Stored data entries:

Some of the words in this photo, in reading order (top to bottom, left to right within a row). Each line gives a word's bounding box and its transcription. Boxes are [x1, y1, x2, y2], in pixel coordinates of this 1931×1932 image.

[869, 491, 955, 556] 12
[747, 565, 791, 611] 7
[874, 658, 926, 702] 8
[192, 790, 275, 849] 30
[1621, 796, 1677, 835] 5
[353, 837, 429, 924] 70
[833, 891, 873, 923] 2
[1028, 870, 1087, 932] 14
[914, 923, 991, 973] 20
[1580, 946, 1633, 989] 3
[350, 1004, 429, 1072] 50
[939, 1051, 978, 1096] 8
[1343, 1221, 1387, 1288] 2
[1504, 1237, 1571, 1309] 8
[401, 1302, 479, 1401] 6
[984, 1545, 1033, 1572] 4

REQUIRED WORK: Would you repeat all of the data above, word for word?

WORKED SOLUTION:
Some of the words in this photo, in reading order (top to bottom, left to right within a row). Each line gives a word's bounding box and its transcription. Boxes are [x1, y1, x2, y2], in pixel coordinates of this 1931×1932 image.

[869, 491, 955, 556] 12
[747, 565, 791, 611] 7
[874, 658, 926, 702] 8
[192, 790, 275, 849] 30
[1621, 796, 1677, 835] 5
[353, 837, 429, 924] 70
[833, 891, 873, 923] 2
[1028, 870, 1087, 932] 14
[914, 923, 991, 973] 20
[1580, 946, 1633, 989] 3
[350, 1004, 429, 1072] 50
[939, 1051, 978, 1096] 8
[1343, 1221, 1387, 1288] 2
[1504, 1237, 1571, 1309] 8
[401, 1302, 479, 1401] 6
[984, 1545, 1033, 1572] 4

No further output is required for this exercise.